Records from a collection:
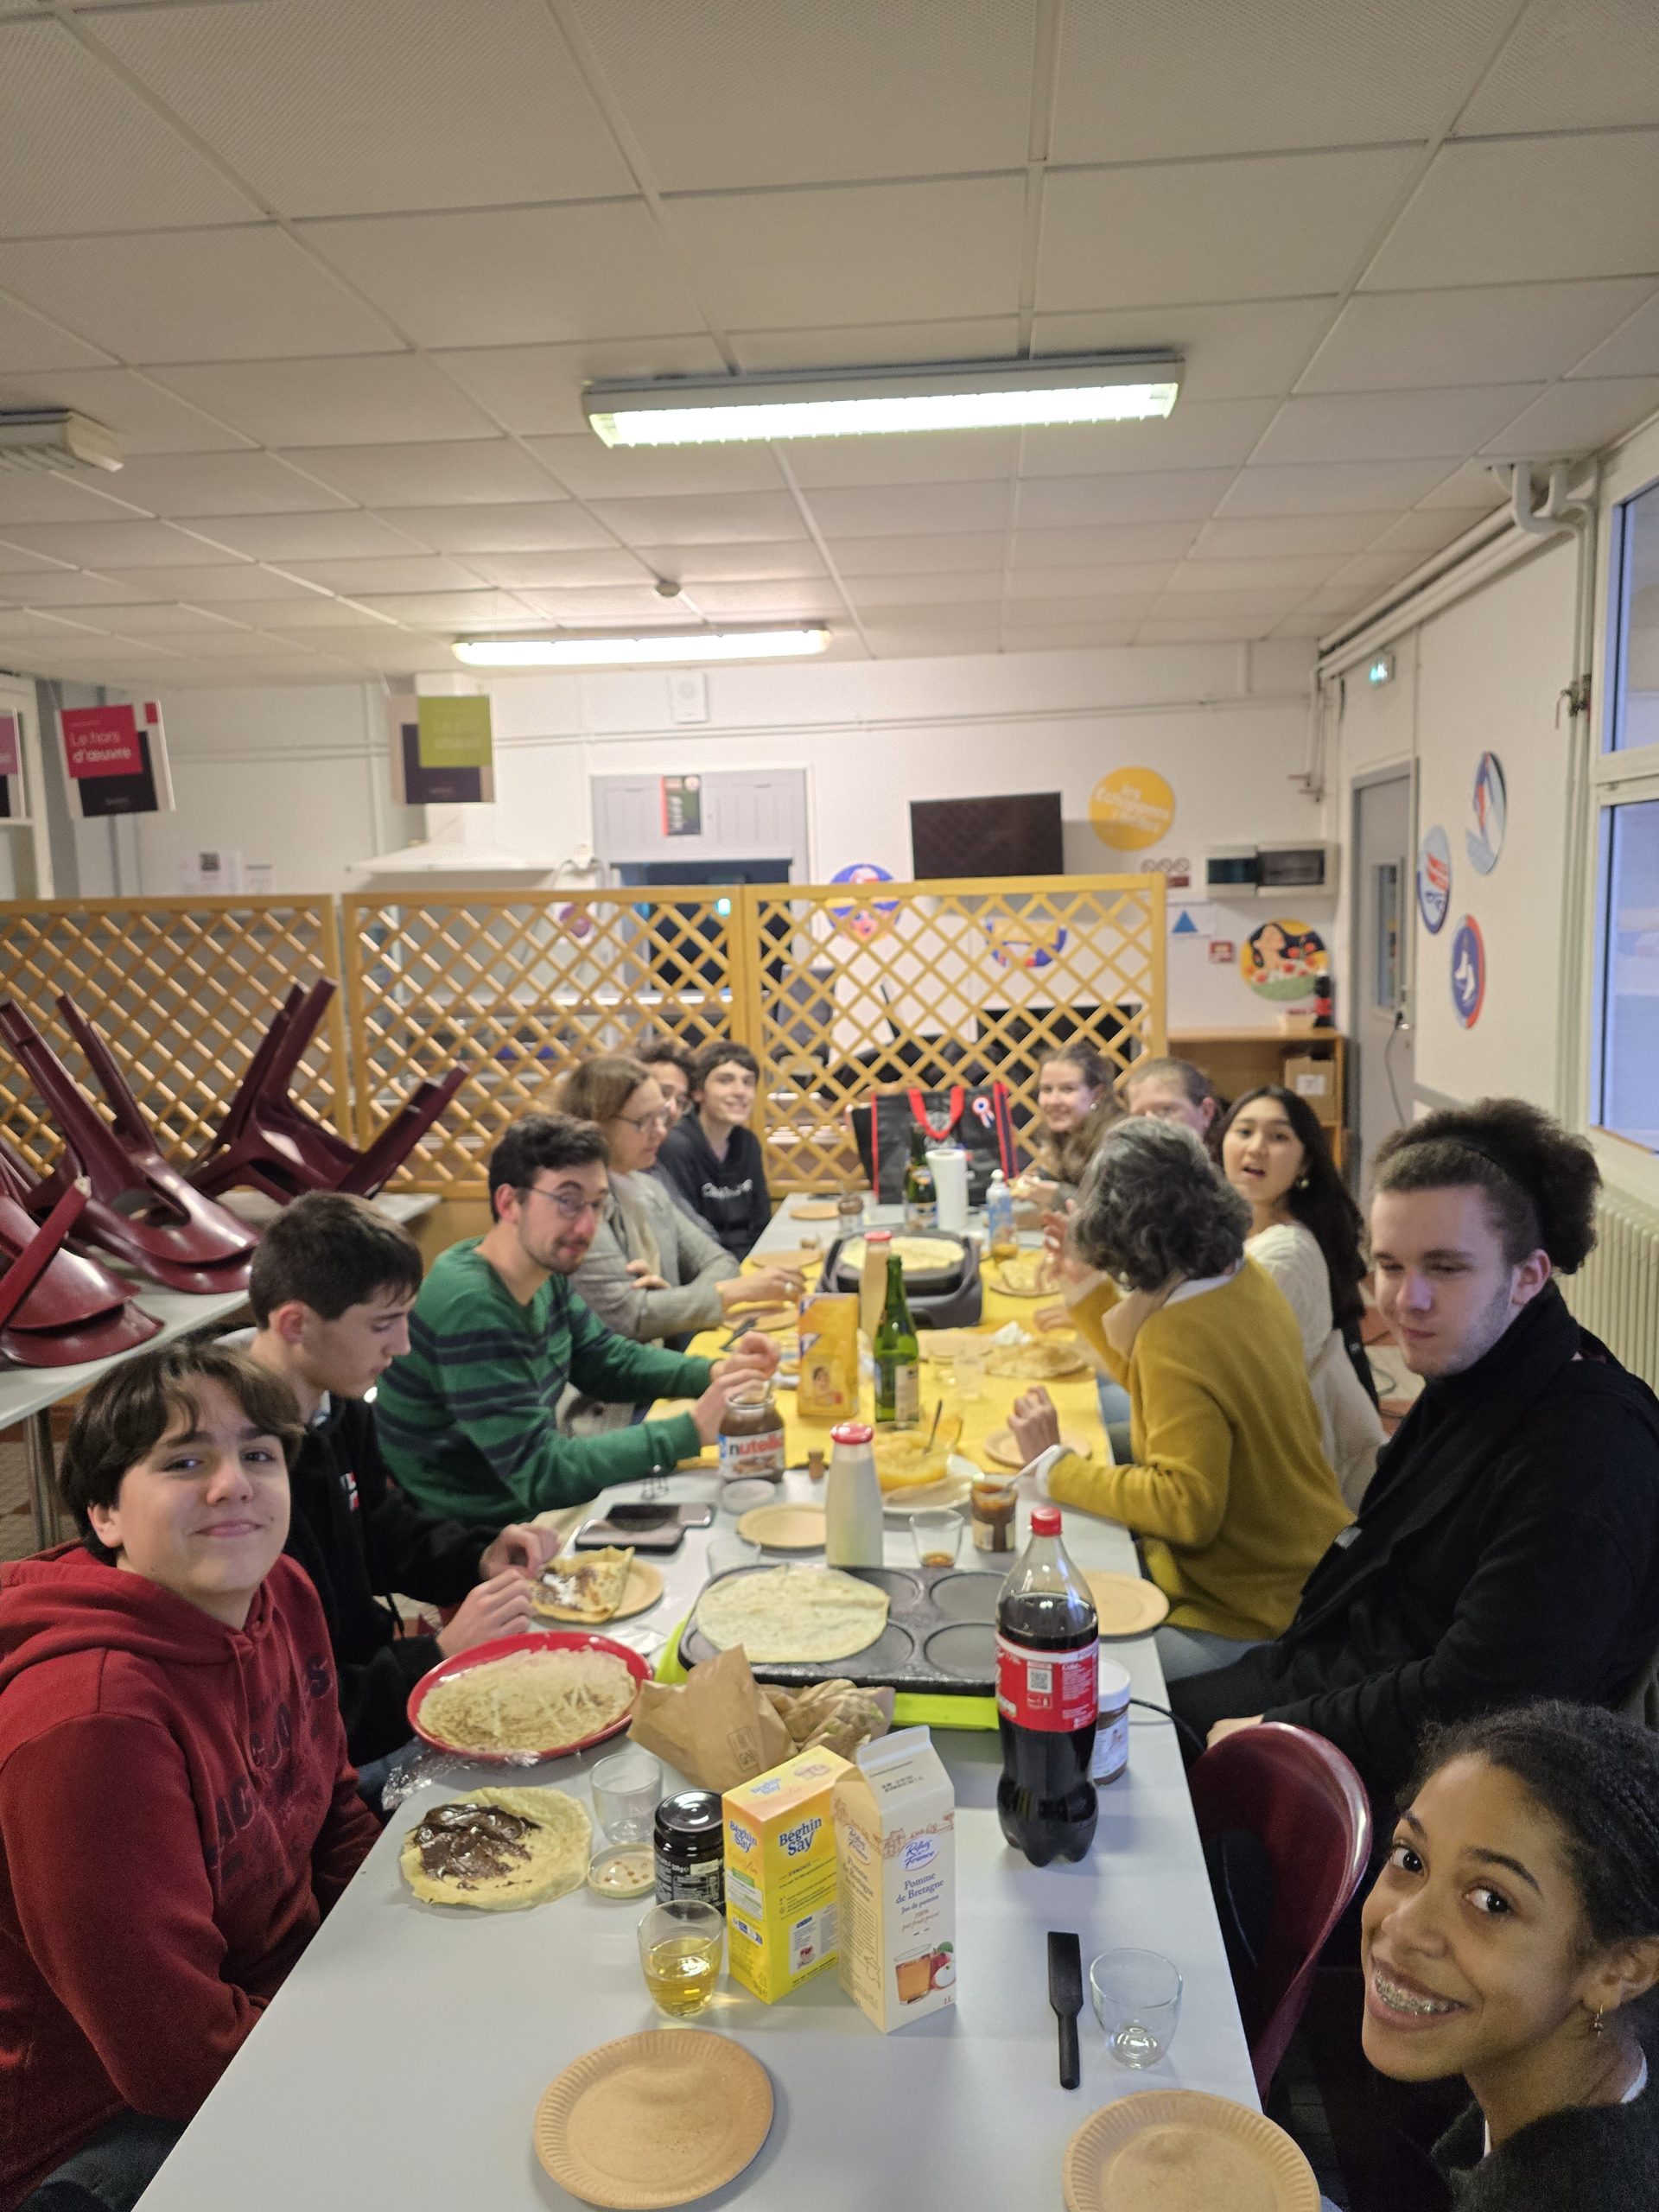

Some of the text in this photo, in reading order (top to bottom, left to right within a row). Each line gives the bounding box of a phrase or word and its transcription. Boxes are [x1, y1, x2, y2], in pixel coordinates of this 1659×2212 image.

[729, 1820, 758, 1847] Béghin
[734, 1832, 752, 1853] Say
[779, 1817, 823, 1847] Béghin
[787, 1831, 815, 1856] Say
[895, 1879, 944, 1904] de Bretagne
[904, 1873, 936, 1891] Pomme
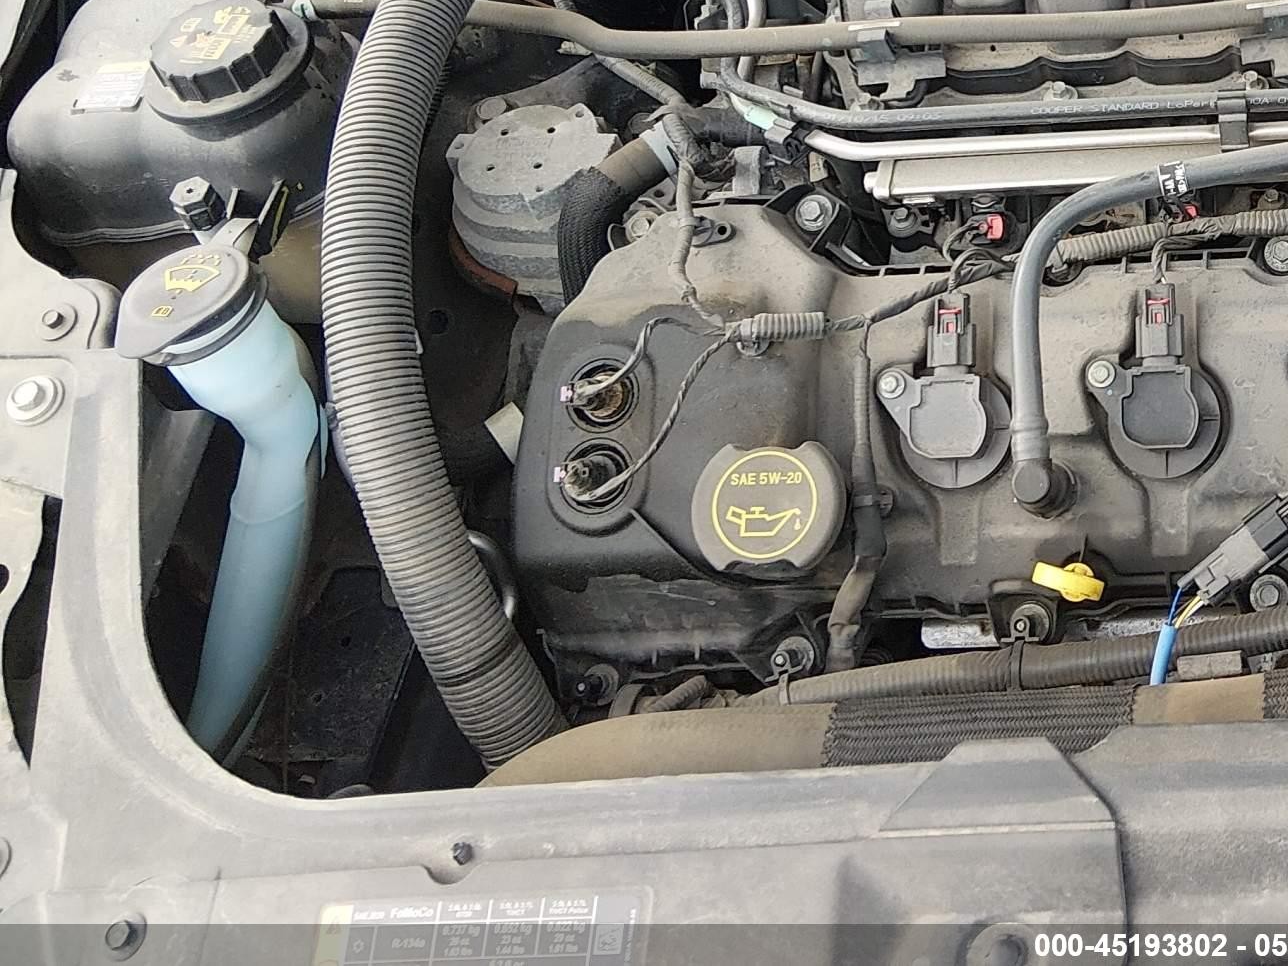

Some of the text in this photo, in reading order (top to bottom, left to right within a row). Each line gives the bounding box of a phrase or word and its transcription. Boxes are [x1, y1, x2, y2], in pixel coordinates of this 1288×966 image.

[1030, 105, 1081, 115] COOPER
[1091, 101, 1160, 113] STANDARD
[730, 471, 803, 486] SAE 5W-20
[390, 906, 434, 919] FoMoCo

**TO DO:**
All lines from the one with "this 1288×966 image." through the end of the records need to be copied exactly, and no other lines.

**RESULT BELOW:**
Some of the text in this photo, in reading order (top to bottom, left to right within a row). Each line gives the bounding box of a phrase or word and its transcription. Boxes are [x1, y1, x2, y2], in pixel coordinates of this 1288×966 image.

[1030, 105, 1081, 115] COOPER
[1091, 101, 1160, 113] STANDARD
[730, 471, 803, 486] SAE 5W-20
[390, 906, 434, 919] FoMoCo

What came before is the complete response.